The continuing saga of Parsippany, N.J.-based lab, Biodiagnostic Laboratory Services LLC (BLS), shows that enforcement is using a fine seine and keeping whatever they catch. For example, three doctors with practices in nearby Staten Island and Yonkers, N.Y.,  are set to spend time behind bars for accepting bribes from the lab, and in the case of two doctors, demanding that the lab pay for additional services.
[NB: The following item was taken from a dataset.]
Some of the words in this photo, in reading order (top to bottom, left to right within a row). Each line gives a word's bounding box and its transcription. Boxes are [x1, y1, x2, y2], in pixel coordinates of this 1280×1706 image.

George Roussis, a pediatrician, and his brother, Nicholas Roussis, an obstetrician-gynecologist, both with practices in Staten Island, accepted cash payments totaling approximately $175,000 from BLS employees and associates between October 2010 and April 2013. In addition, at the request of the Roussis brothers, BLS paid for strip club trips, including paying women to perform lap dances and engage in sex acts with George and Nicholas Roussis. In exchange, George and Nicholas Roussis referred their patients’ blood specimens to BLS, generating more than $1,450,000 and $250,000 of lab business for BLS, respectively.
The brothers where sentenced to two years and three years and one month in jail, respectively, according to an Oct. 16 press release from the Department of Justice
 
Ricky Sayegh, an internal medicine specialist with a practice in Yonkers, was more of a traditionalist. He settled for cash bribes in return for referrals.
 
From February 2010 through April 2013, Sayegh received bribes totaling approximately $400,000 from BLS employees and associates. Sayegh’s referrals generated more than $1.4 million in lab business for BLS. Sayegh received a three-year sentence.
 
The trio aren't the first doctors to be convicted in relation to the BLS cash-for-corpuscle scheme.
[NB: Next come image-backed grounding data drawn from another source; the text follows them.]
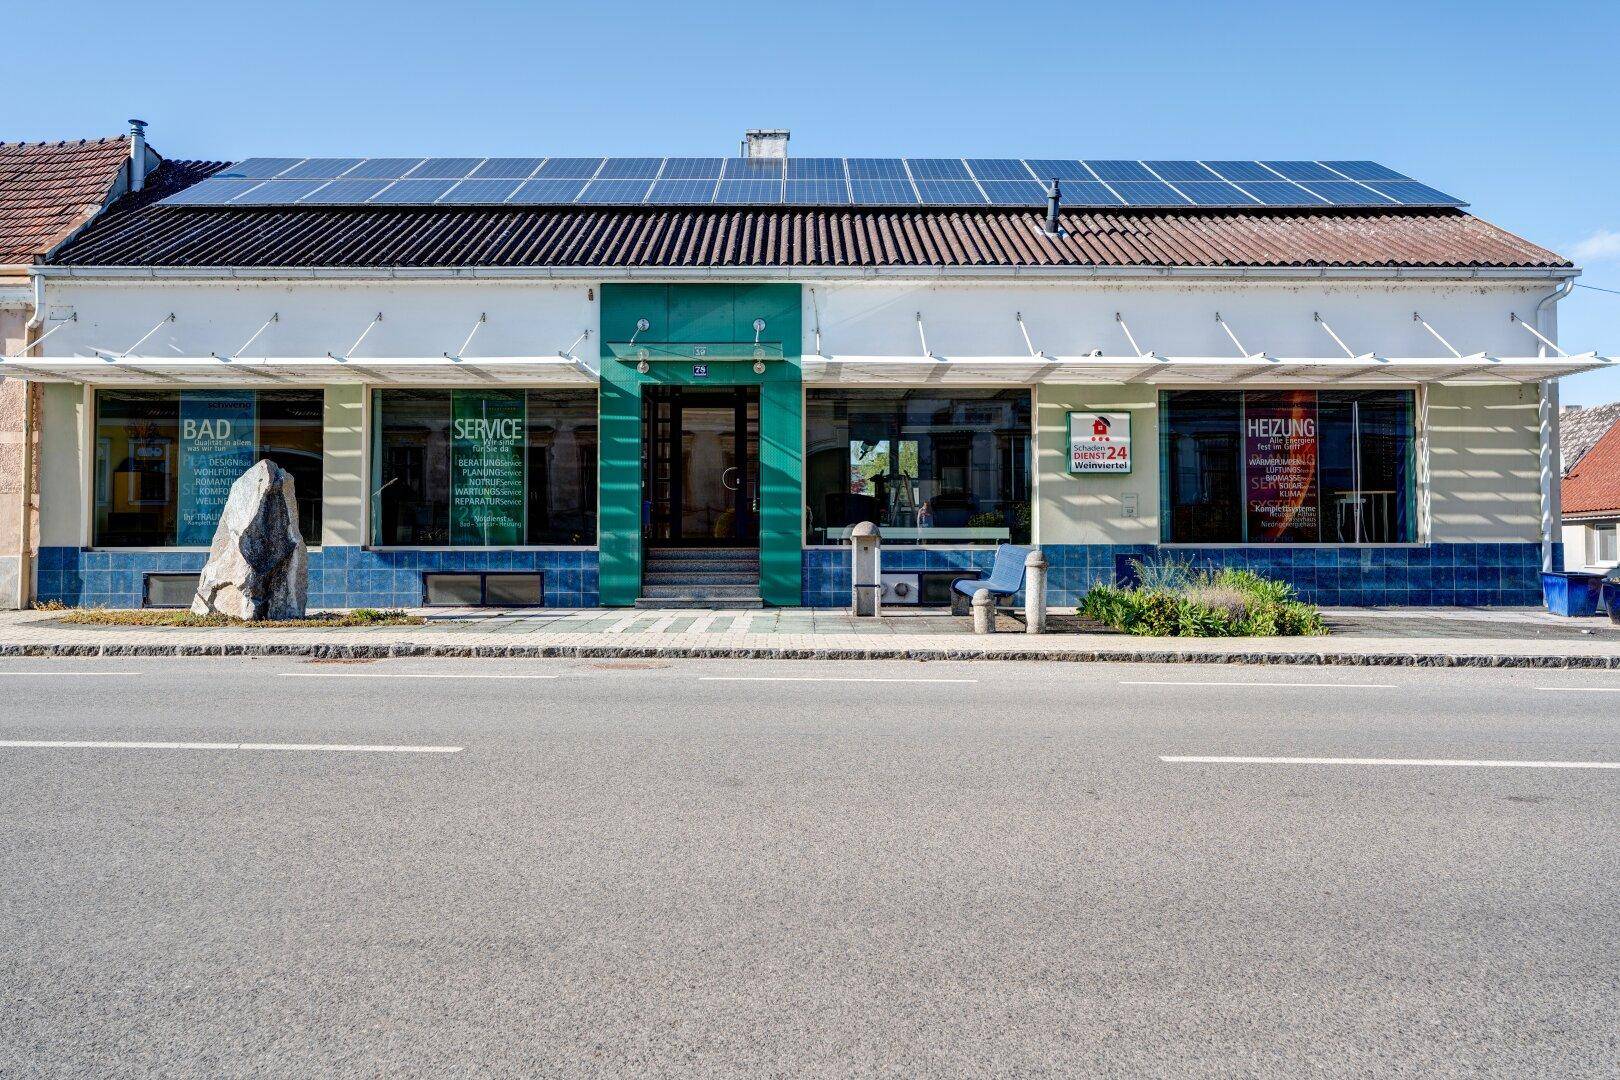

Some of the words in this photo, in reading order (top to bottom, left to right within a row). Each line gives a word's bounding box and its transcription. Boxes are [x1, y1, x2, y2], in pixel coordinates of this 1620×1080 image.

[184, 418, 231, 440] BAD
[454, 418, 522, 440] SERVICE
[1248, 418, 1315, 437] HEIZUNG
[1285, 436, 1315, 445] Energien
[1074, 444, 1106, 452] Schaden
[1074, 452, 1106, 460] DIENST
[1107, 446, 1127, 460] 24
[1074, 461, 1127, 469] Weinviertel
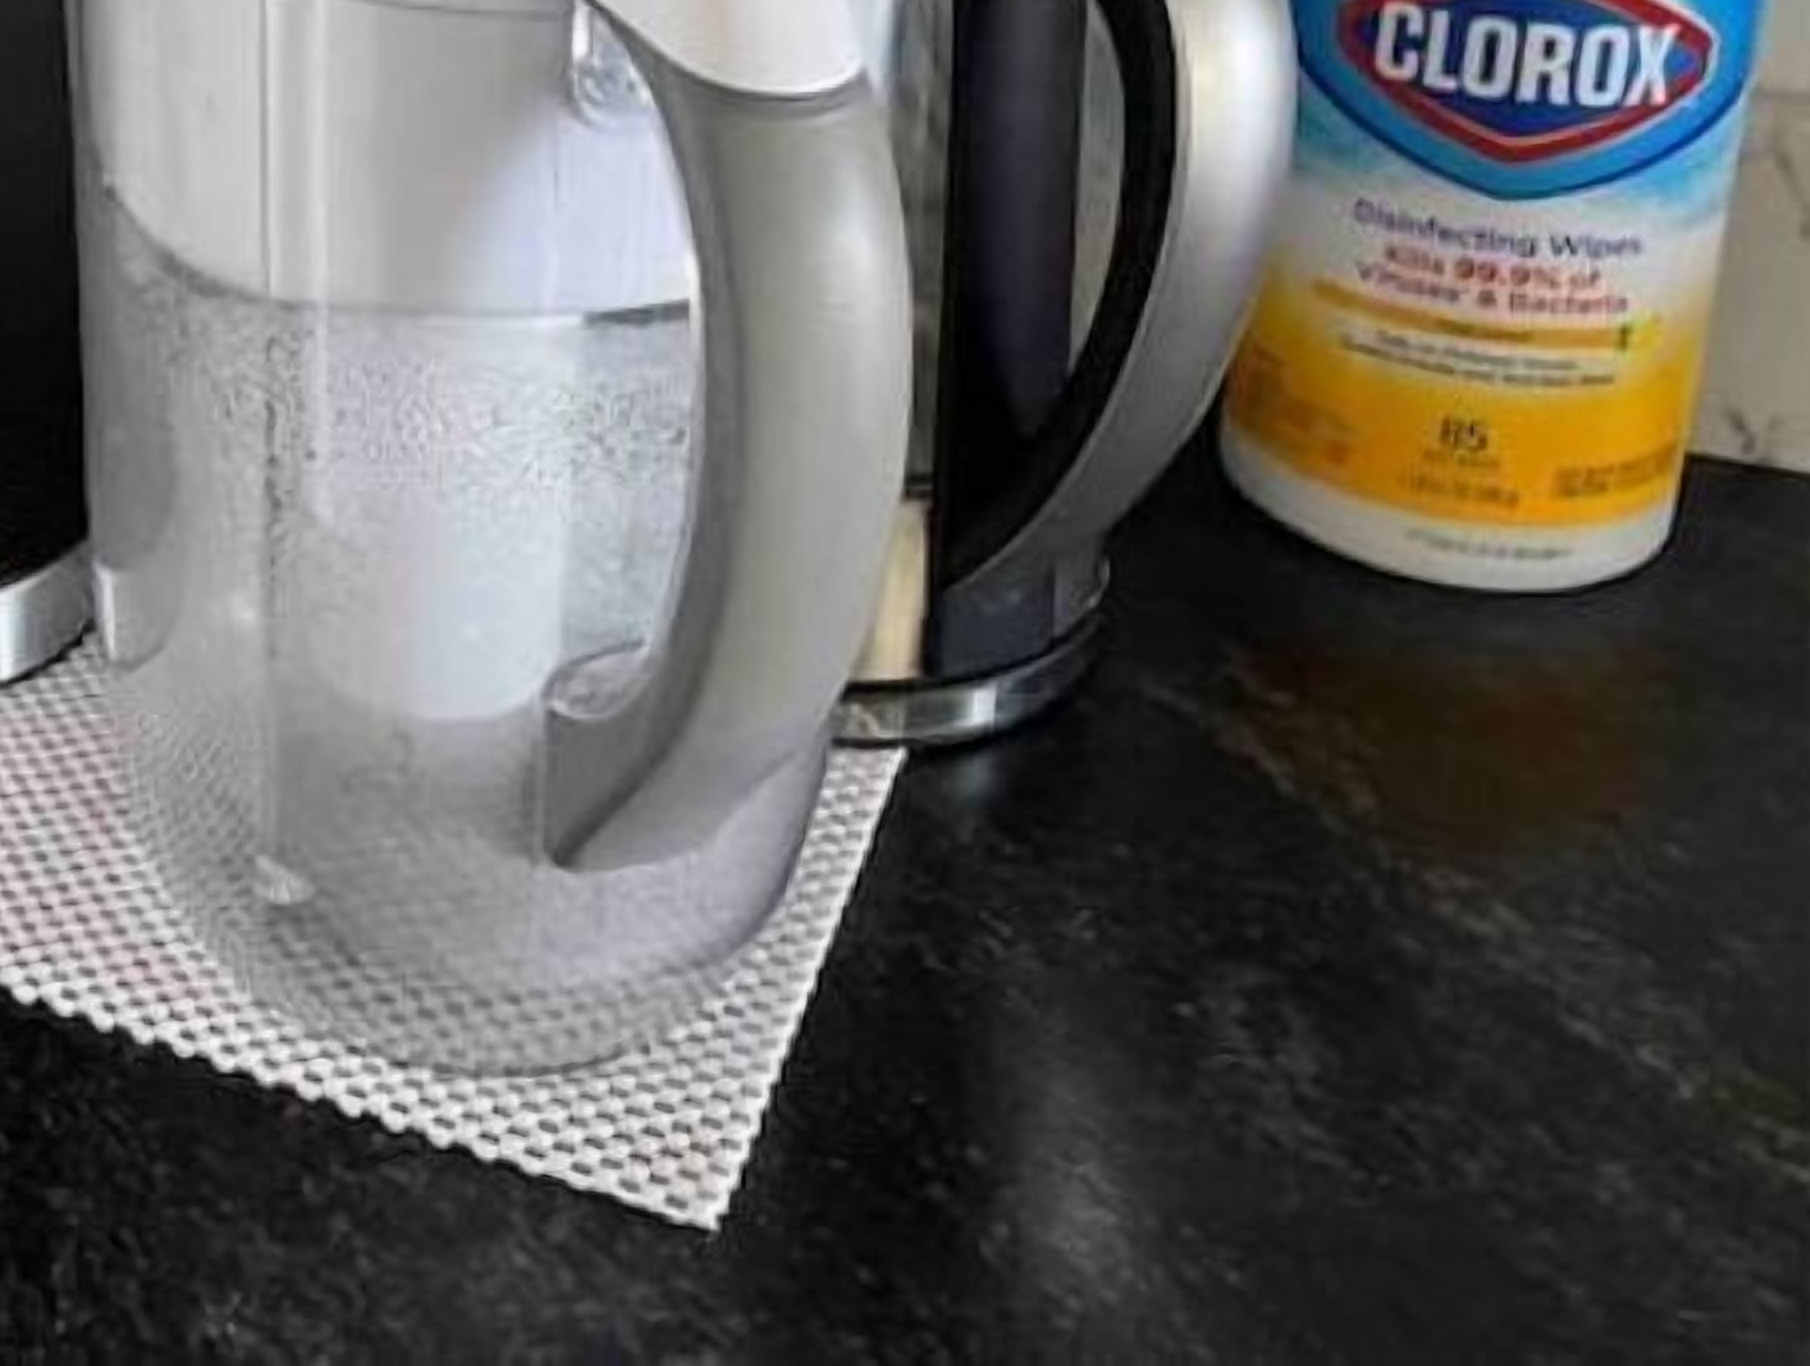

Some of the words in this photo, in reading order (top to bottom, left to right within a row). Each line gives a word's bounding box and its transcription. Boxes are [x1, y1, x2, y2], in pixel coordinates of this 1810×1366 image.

[1374, 0, 1679, 107] CLOROX
[1352, 197, 1538, 260] Disinfecting
[1549, 232, 1642, 259] Wipes
The investigation has thus far resulted in 50 convictions — 36 of them doctors — in connection with the bribery scheme, which its organizers have admitted involved millions of dollars in bribes and resulted in more than $100 million in payments to BLS from Medicare and various private insurance companies. It is believed to be the largest number of medical professionals ever prosecuted in a bribery case.
The case also demonstrates that prosecutors aren't restricted to laws related directly to health care fraud when they set out to convict suspects. The brothers Roussis and Sayegh were charged with violating the anti-racketeering Travel Act, which prohibits "interstate and foreign travel or transportation in aid of racketeering enterprises."